Эти за небольшую плату пропускали стервятников через свои заставы, разграничивающие два мира: мир жалких и презренных и мир…пока ещё стоящий. И пришедшие из жизни бесстыдно и нагло набирали у опозоренных и изгнанных книги, остатки украшений, не отнятые ещё этими, вещи, и безделушки вроде табакерок и зеркалец. В обмен давали горсти плесневелой крупы, застарелый дурной хлеб, подгнивающие овощи, но и это было счастьем.

            Впрочем, Ирэна – как более бойкая и по сторонам глядящая, не привыкшая к чёрно-белому миру, знала, что и среди стервятников есть разные люди. Так однажды один из них подал ей холодный кусочек масла толщиной в два пальца, а длиной в половину её маленькой ладони. Да, он воровато огляделся, да, от него несло дешёвым вином и потом, но было это масло и ещё – он не взял предложенного ею жалкого товара.

–Откуда? – изумился отец, а мать лишь в испуге посмотрела на дочь. Она, конечно, знала, что её девочка воспитана в лучших законах добродетели, но голод… сила голода, порой, гонит людскую суть через все пороги.

–Выменяла, – ответила Ирэна, глядя на мать, угадывая без труда, о чём она думает, – нет, мама, всё честно. В мире ещё есть добро.

–Где же оно, это добро? – возмутился Яков. – Почему все оставили, покинули нас? Почему…

–Не шуми, Яша, – попросил Хаим и обратился к жене: – надо бы разделить.

            Та кивнула. Масло оказалось с горчинкой, но и Ирэне, и Якову показалось, что ничего вкуснее они в жизни не ели. Проглотив по своей доле, они посмотрели друг на друга с одинаковой горечью – оба поняли, как поторопились. Но ещё мучительнее было знать им, что мама разделила между всеми не полный кусок, а кое-что сумела замотать в тряпку и спрятать.

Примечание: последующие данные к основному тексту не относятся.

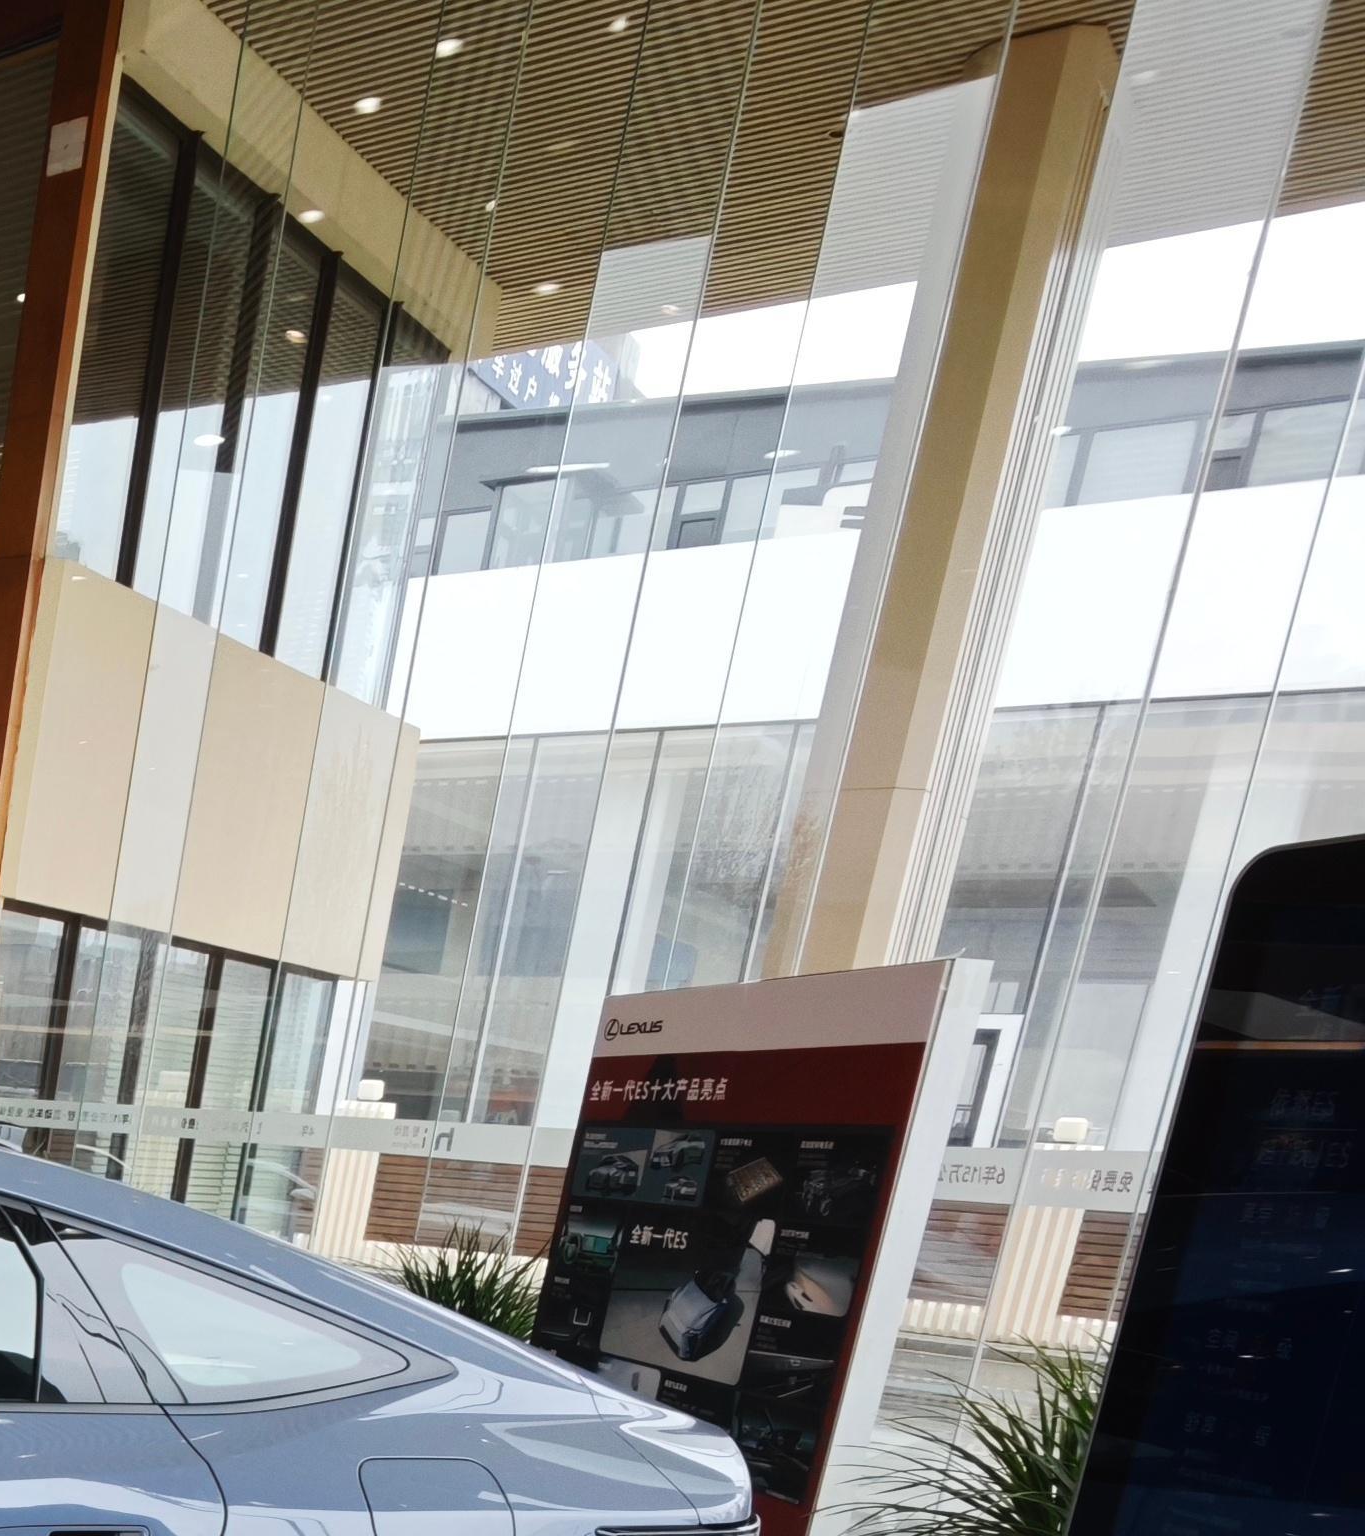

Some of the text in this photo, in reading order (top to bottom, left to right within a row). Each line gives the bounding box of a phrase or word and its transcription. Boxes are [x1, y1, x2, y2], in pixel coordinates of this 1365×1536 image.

[620, 1020, 664, 1035] LEXUS
[590, 1076, 729, 1102] 全新一代ES十大产品亮点
[629, 1225, 690, 1250] 全新一代ES

            Все понимали, что нельзя покушаться на такой запас, и всё-таки каждому не было покоя.  Но пришлось смириться. Тяжело было постаревшей от тягот Рут смотреть на лица своих детей, но она знала – в запасе должен быть кусок. Сегодня переможется, завтра на подспорье. А если за сегодня всё потратить, до завтра можно и не дойти.

–Они просто не знают, что делать дальше! – сейчас Ирэна выступила в поддержку брата. Сдавшая, худая, в худобе своей она стала будто бы ещё выше, чем прежде. Но сейчас это, конечно, её не беспокоило, а вот раньше, когда была ещё жизнь – она стыдилась своего высокого роста. – Потому и хотят выпустить нас. Поживились, теперь гонят.

            В её словах была ненависть, видимо, дававшая ей силы к существованию. Ирэна была пока единственной в их маленькой семье, кто ещё не переболел даже простудой. Упрямо она куталась в кофточки, надевая их все разом и меняя по мере загрязнения верхнюю с нижними, упрямо умывалась когда удавалось ледяной водой, и всё же – не болела. У отца ныла прохваченная ветром +спина и постоянно постукивало в голове, у матери отдавалось в сердце и левой руке, да ещё подкрадывалась постоянная боль в горле и слабость, у Якова была даже лихорадка…

            А Ирэна пока только осунулась и сдала внешне.

–Они загнали нас по лачужкам, отняли всё, что могли, и теперь, когда им нечего с нас взять…

–Здесь у нас есть лачужка, – возразил отец. Но возразил не очень уверенно, так даже, скорее заметил.

            Да. Им повезло. Повезло водиться с Романовскими, выхватившими эту разваливающуюся и заледеневшую, заплесневевшую хибару. Романовские подтянули и их по дружбе. Вообще всё хорошее проступало и обрывалось в это поганое время как-то особенно ярко. Так, например, Гурецкие – до всей беды казавшиеся всей улице снобами, живущие как-то особенно чинно и ярко, водящие дружбу с крупными торговцами, вдруг оказались в одной куче с теми, кого прежде сторонились и что же? и ничего, взяли к себе сиротку Нешку, отца и мать которых в один из погромов без всякой надобности пристрелили на улице.

            А пан Вуйцик? Не пожелал сходиться с новой властью и последовал сюда же, в мир серости и убогости за своей семьёй, отказавшись считать их неполноценными. А семейство Вильке, что на свой страх и риск протаскивали к ним – зачумлённым и брошенным хлеб да лекарства? Правда, продал кто-то Вильке – повесили их прямо на границе миров – уничтоженного и ещё стоящего…пока стоящего.

–А если шанса больше не будет? – Яков уже не метался. При поддержке сестры он почувствовал себя спокойнее. Ему показалось, что вдвоём-то они убедят родителей.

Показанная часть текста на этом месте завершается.